Baird v. United States, 77 Fed. Cl. 114, 116 (2007). The Court's inquiry is "whether, given all
the disputed and undisputed facts, a party has met its burden of proof based on the evidence in
the record." A&D Fire Prot., Inc. v. United States, 72 Fed. CL 126, 131 (2006). Unlike a
summary judgment proceeding, genuine issues of material fact will not foreclose judgment on
the administrative record. Bannum, Inc., 404 F .3d at 1356.
The Court reviews the administrative record to determine whether a board's decision is
arbitrary, capricious, unsupported by substantial evidence, or contrary to law. See Chappell v.
Wallace, 462 U.S. 296, 303 (1983) (noting that a decision of the Board for the Correction of
Naval Records is "subject to judicial review" and may be set aside ifit is "arbitrary, capricious or
not based on substantial evidence"); Barnick v. United States, 591 FJd 1372, 1377 (Fed. Cir.
2010). The scope of this judicial review is a deferential one. See Heisig v. United States, 719
F.2d 1153, 1156 (Fed. Cir. 1983). The arbitrary and capricious standard of review "does not
require a reweighing of the evidence, but a determination whether the conclusion being reviewed
is supported by substantial evidence." Id. at 1157 (emphasis in original). In determining whether
the conclusion is supported by substantial evidence, "all of the competent evidence must be
considered ... and whether or not it supports the challenged conclusion." Id. (emphasis omitted).

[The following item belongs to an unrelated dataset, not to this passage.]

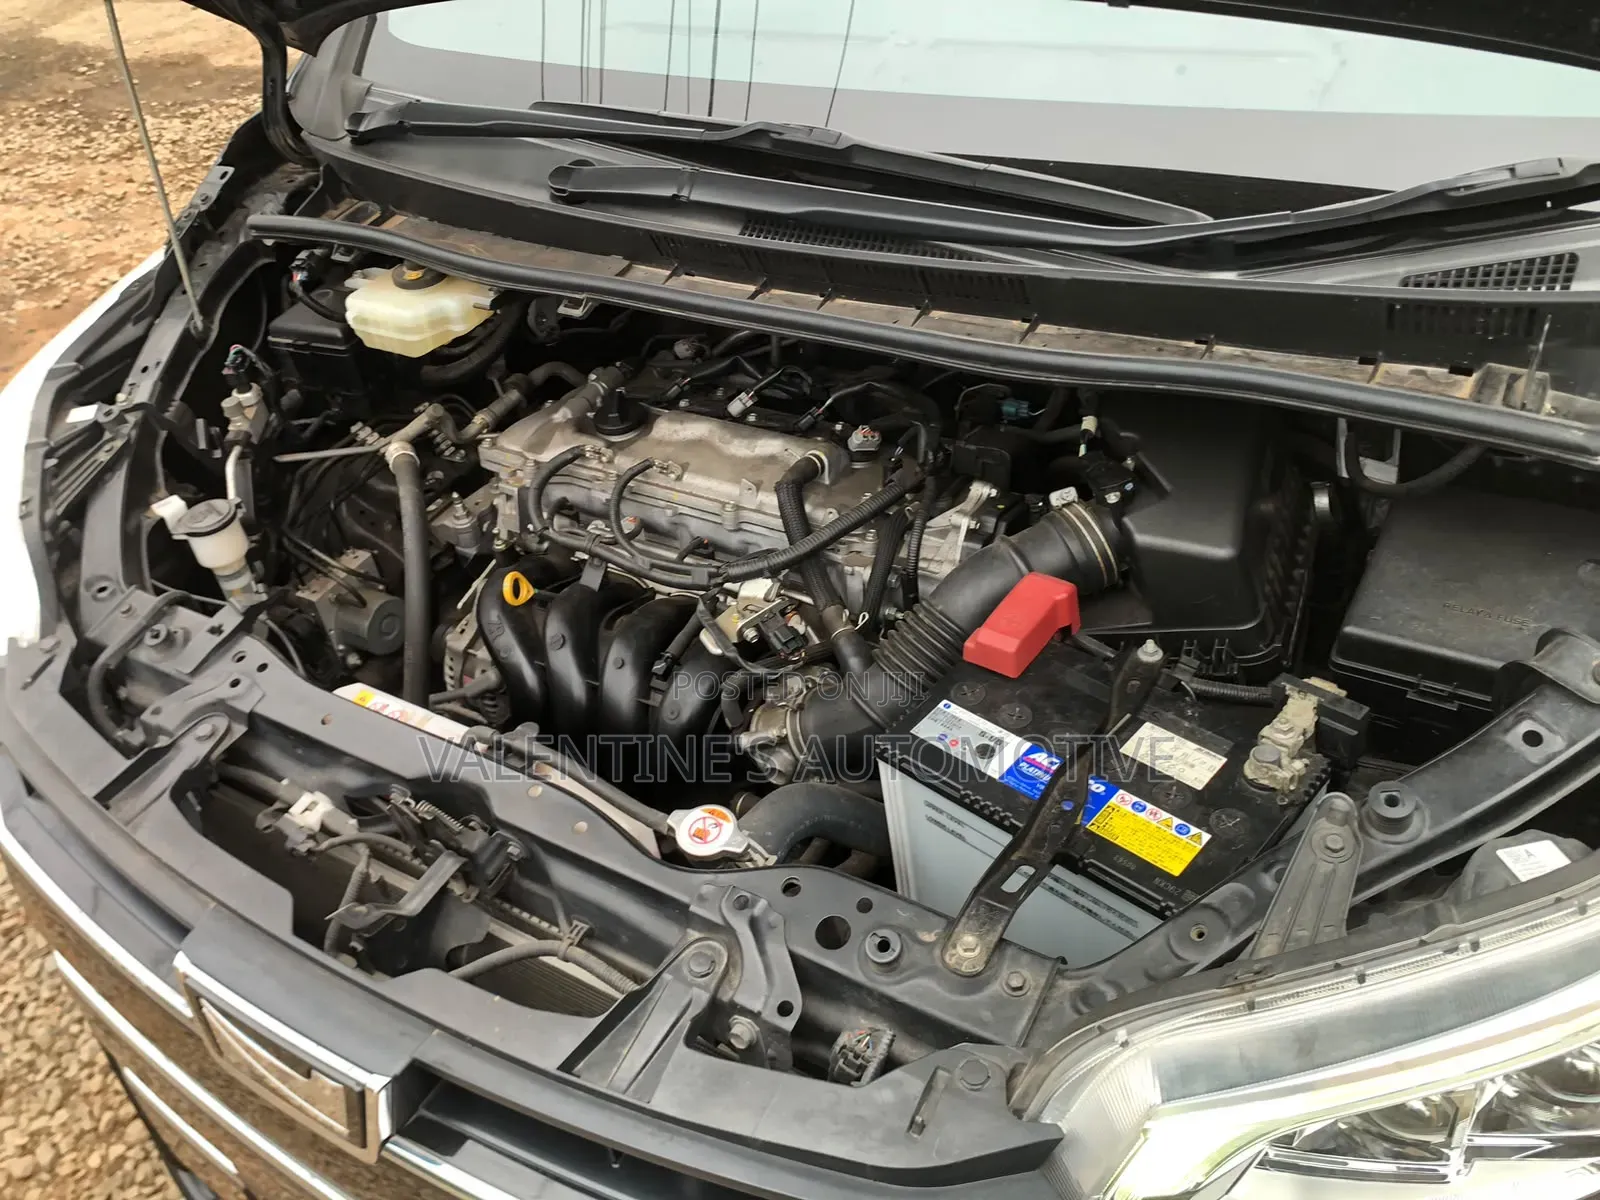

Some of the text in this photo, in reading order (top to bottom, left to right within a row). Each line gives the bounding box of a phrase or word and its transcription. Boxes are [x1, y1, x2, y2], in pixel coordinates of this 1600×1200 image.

[1442, 602, 1484, 617] RELAY
[1496, 614, 1530, 627] FUSE
[1018, 761, 1052, 783] PLATINU

Substantial evidence is "such relevant evidence as a reasonable mind might accept as adequate to
support a conclusion." Richardson v. Perales, 402 U.S. 389, 401 (1971) (quoting Consol. Edison
Co. v. NLRB, 305 U.S. 197, 229 (1938)). This Court may not "substitute [its] judgment for that
of the military departments when reasonable minds could reach differing conclusions on the
same evidence." Heisig, 719 F.2d at 1156 (footnote omitted).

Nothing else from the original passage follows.